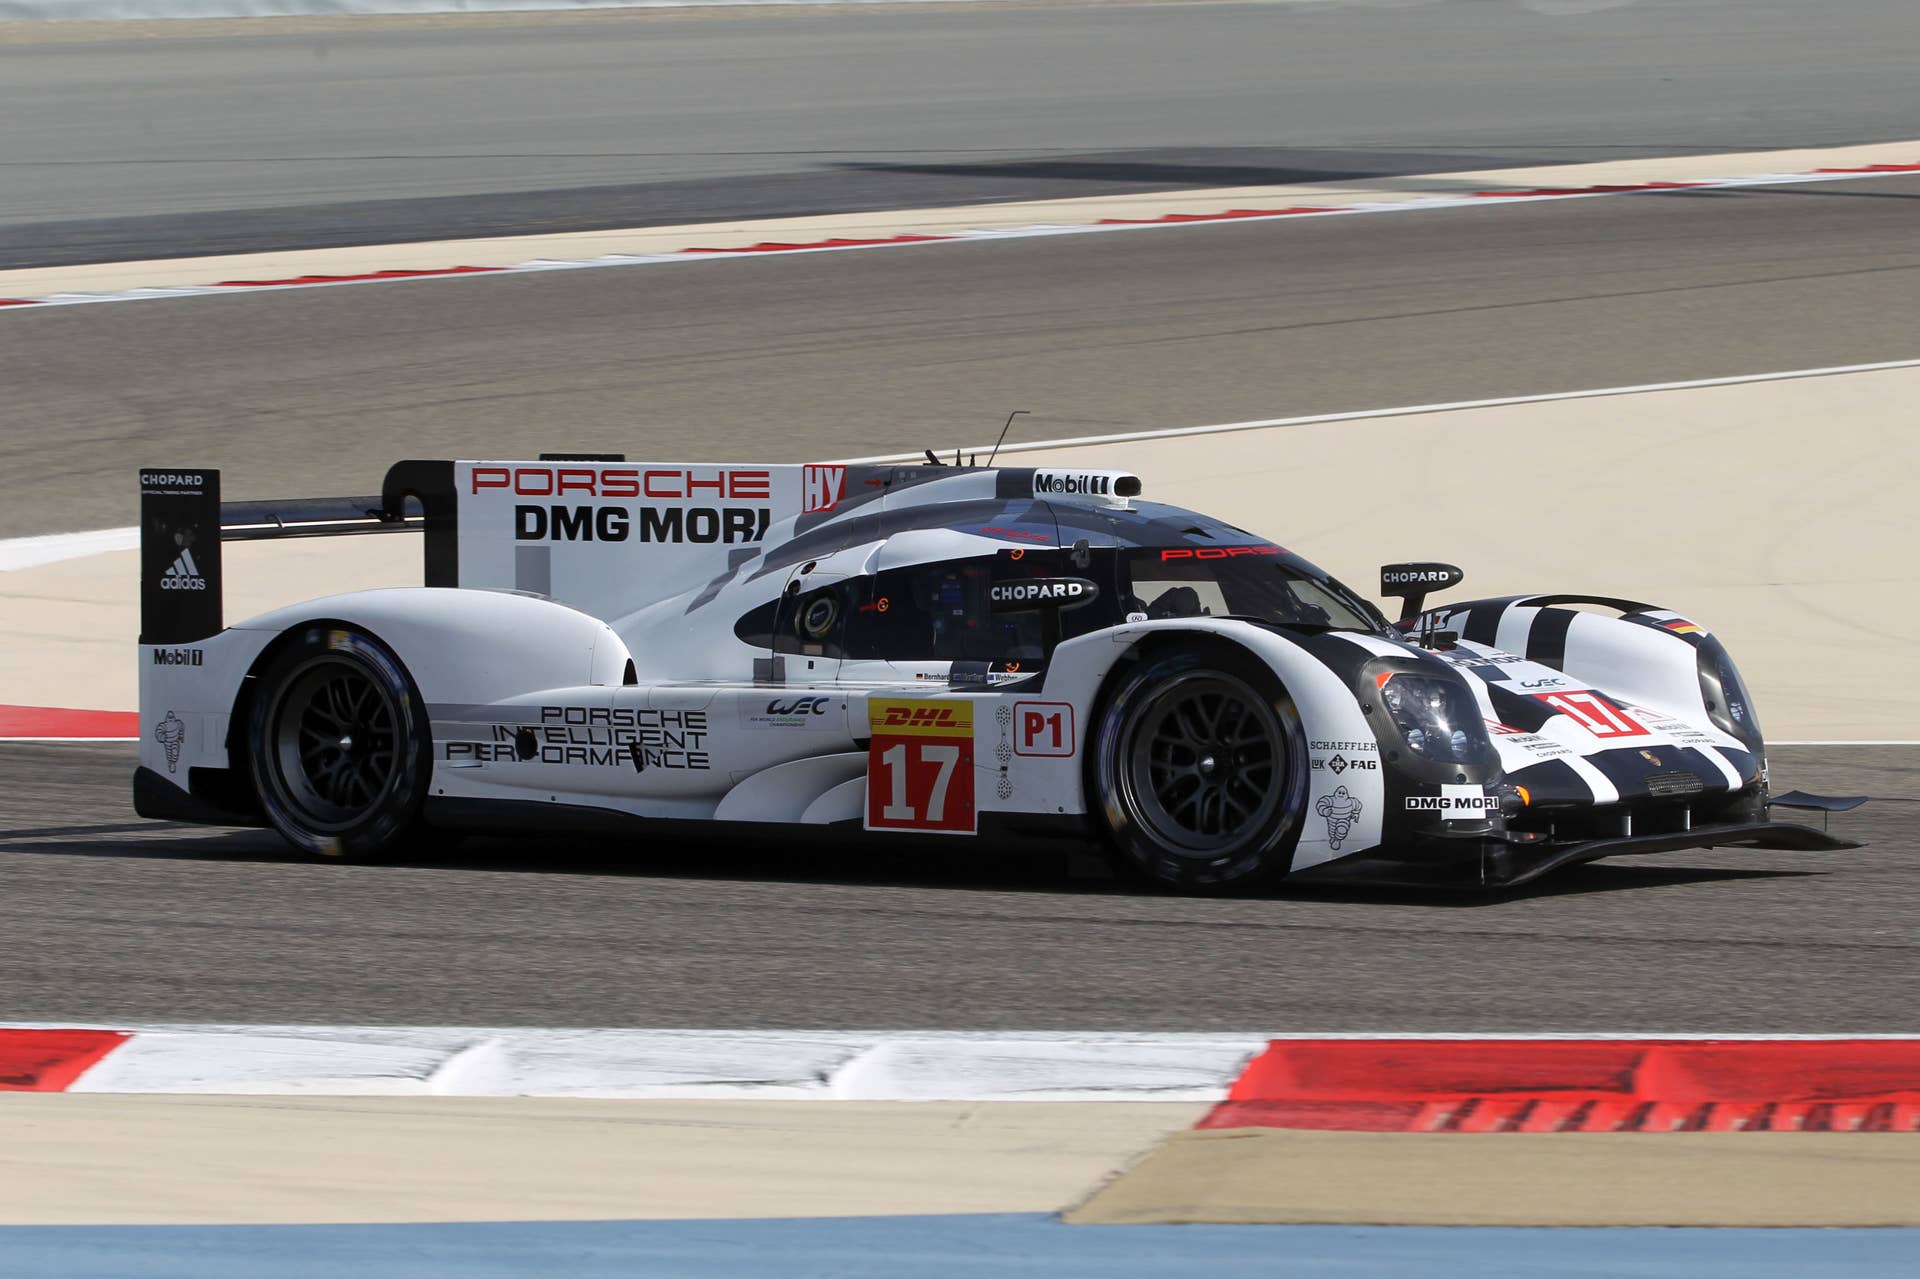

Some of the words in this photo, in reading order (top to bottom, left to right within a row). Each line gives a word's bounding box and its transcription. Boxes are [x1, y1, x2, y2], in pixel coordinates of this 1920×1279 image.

[142, 474, 203, 485] CHOPARD
[471, 468, 770, 498] PORSCHE
[806, 466, 843, 513] HY
[515, 505, 629, 541] DMG
[640, 508, 770, 543] MORI
[160, 575, 206, 590] adidas
[1383, 571, 1449, 582] CHOPARD
[991, 583, 1083, 601] CHOPARD
[1521, 679, 1566, 688] WEC
[766, 697, 829, 715] WEC
[1545, 692, 1635, 734] 17
[541, 706, 707, 729] PORSCHE
[884, 707, 957, 728] DHL
[1025, 712, 1062, 748] P1
[1310, 741, 1377, 752] SCHAEFFLER
[1351, 761, 1377, 770] FAG
[883, 744, 960, 822] 17
[1407, 798, 1451, 809] DMG
[1455, 798, 1499, 809] MORI
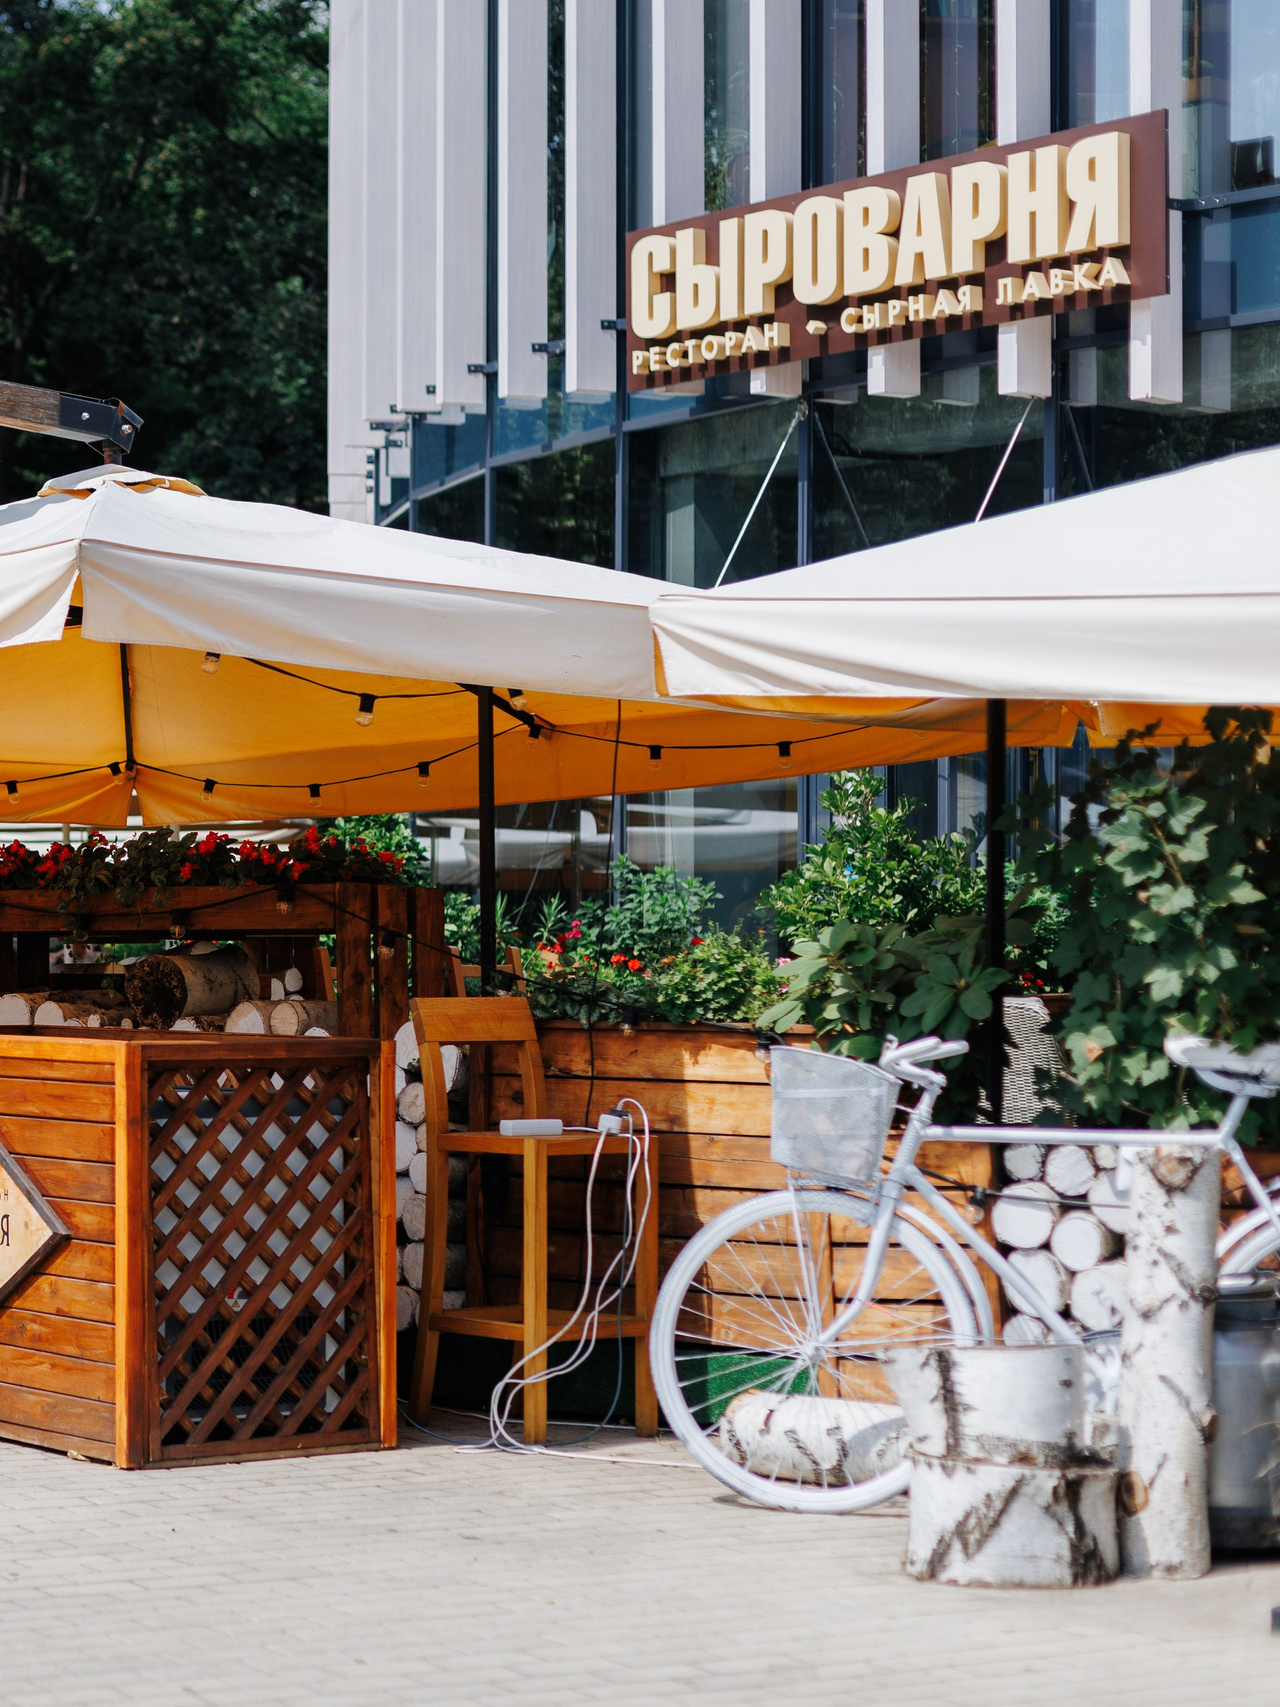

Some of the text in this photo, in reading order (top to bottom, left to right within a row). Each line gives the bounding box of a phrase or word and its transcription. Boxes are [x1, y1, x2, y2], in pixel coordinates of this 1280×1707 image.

[630, 131, 1131, 339] СЫРОВАРНЯ
[632, 256, 1131, 375] РЕСТОРАН СЫРНАЯ ЛАВКА
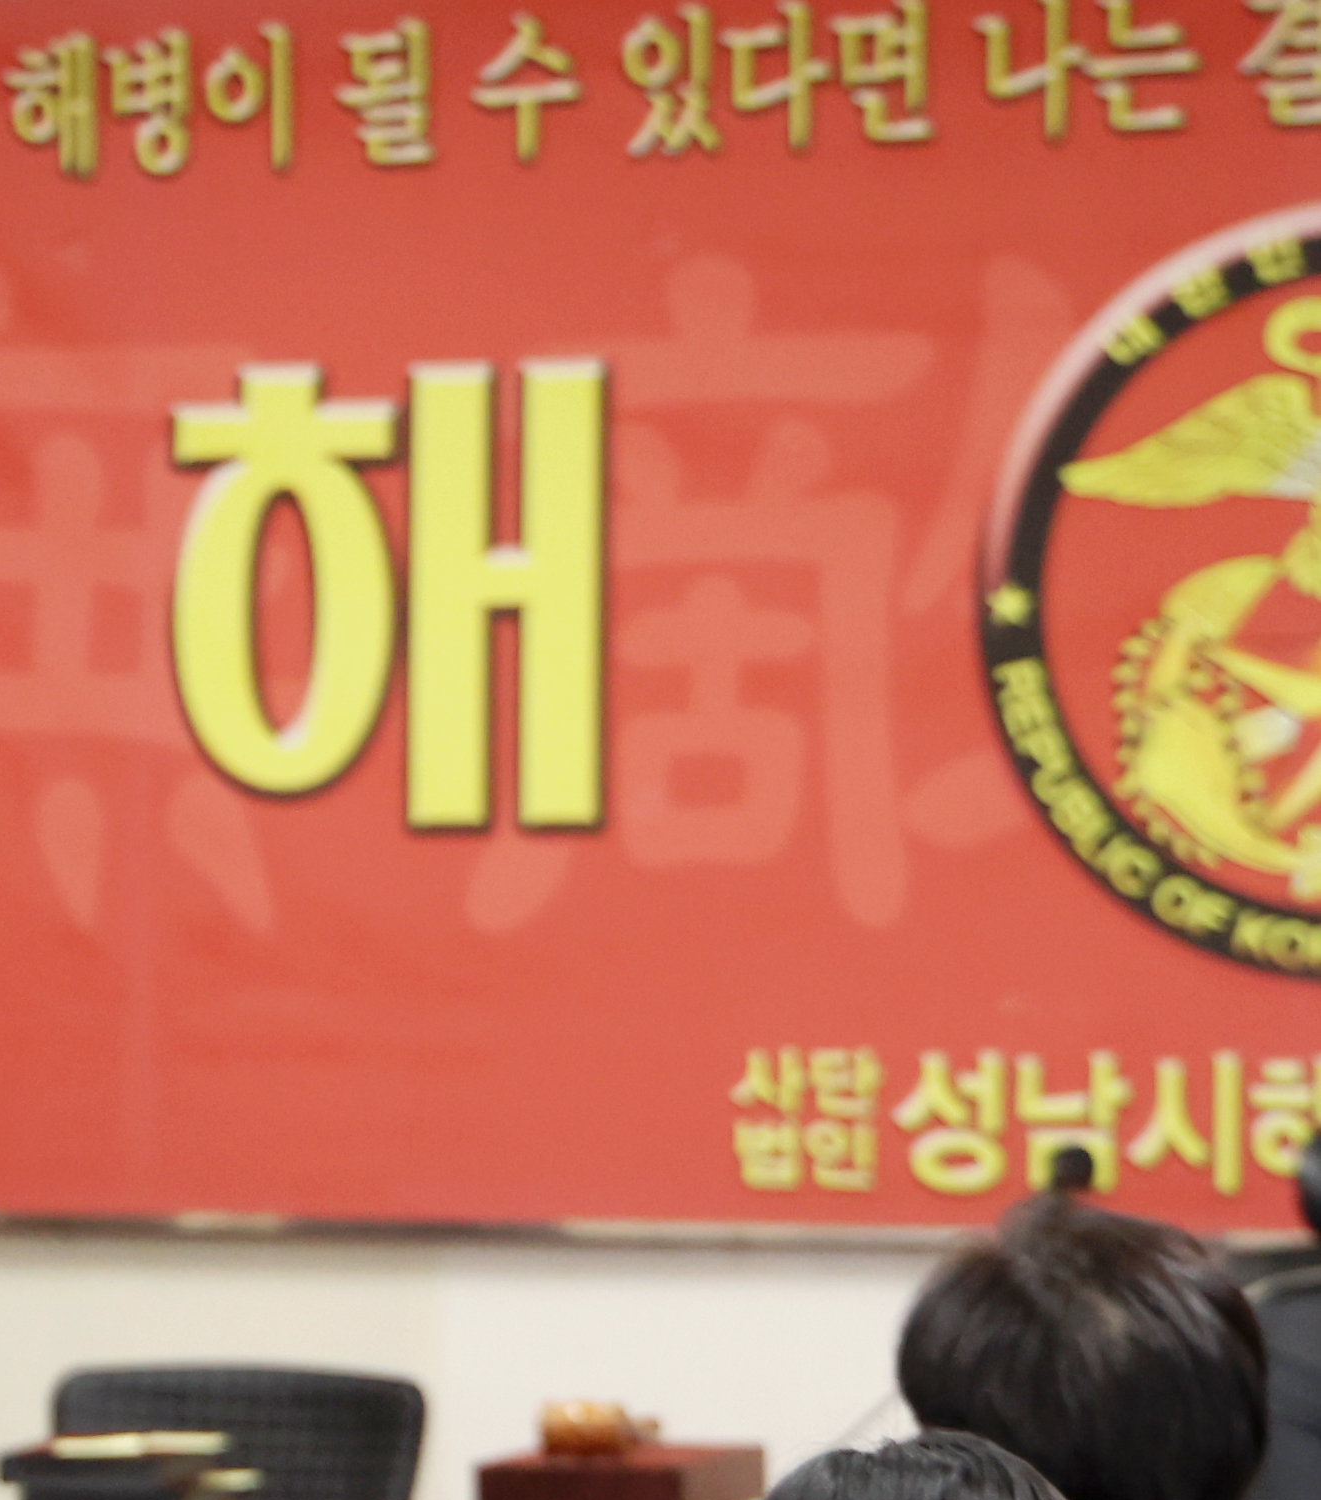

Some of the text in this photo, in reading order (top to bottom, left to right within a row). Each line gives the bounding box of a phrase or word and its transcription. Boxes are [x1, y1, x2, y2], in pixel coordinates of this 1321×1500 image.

[3, 22, 294, 177] 해병이
[335, 16, 434, 166] 될
[470, 14, 582, 163] 수
[620, 4, 936, 154] 있다면
[974, 0, 1201, 143] 나는
[171, 356, 607, 830] 해
[993, 656, 1160, 898] REPUBLIC
[1150, 874, 1237, 936] OF
[729, 1046, 883, 1118] 사단
[732, 1118, 879, 1192] 법인

_What you have to do:_
Output all of the data word for word, excluding any pictures.

_Result of this exercise:_
Some of the words in this photo, in reading order (top to bottom, left to right within a row). Each line gives a word's bounding box and its transcription. Boxes are [x1, y1, x2, y2], in pixel coordinates of this 1920×1279 image.

[142, 474, 203, 485] CHOPARD
[471, 468, 770, 498] PORSCHE
[806, 466, 843, 513] HY
[515, 505, 629, 541] DMG
[640, 508, 770, 543] MORI
[160, 575, 206, 590] adidas
[1383, 571, 1449, 582] CHOPARD
[991, 583, 1083, 601] CHOPARD
[1521, 679, 1566, 688] WEC
[766, 697, 829, 715] WEC
[1545, 692, 1635, 734] 17
[541, 706, 707, 729] PORSCHE
[884, 707, 957, 728] DHL
[1025, 712, 1062, 748] P1
[1310, 741, 1377, 752] SCHAEFFLER
[1351, 761, 1377, 770] FAG
[883, 744, 960, 822] 17
[1407, 798, 1451, 809] DMG
[1455, 798, 1499, 809] MORI

Some of the text in this photo, in reading order (top to bottom, left to right within a row). Each line gives the bounding box of a phrase or word and its transcription. Boxes are [x1, y1, x2, y2], in pixel coordinates of this 1280×1707 image.

[630, 131, 1131, 339] СЫРОВАРНЯ
[632, 256, 1131, 375] РЕСТОРАН СЫРНАЯ ЛАВКА

Some of the text in this photo, in reading order (top to bottom, left to right within a row). Each line gives the bounding box of a phrase or word and its transcription. Boxes are [x1, y1, x2, y2], in pixel coordinates of this 1321×1500 image.

[3, 22, 294, 177] 해병이
[335, 16, 434, 166] 될
[470, 14, 582, 163] 수
[620, 4, 936, 154] 있다면
[974, 0, 1201, 143] 나는
[171, 356, 607, 830] 해
[993, 656, 1160, 898] REPUBLIC
[1150, 874, 1237, 936] OF
[729, 1046, 883, 1118] 사단
[732, 1118, 879, 1192] 법인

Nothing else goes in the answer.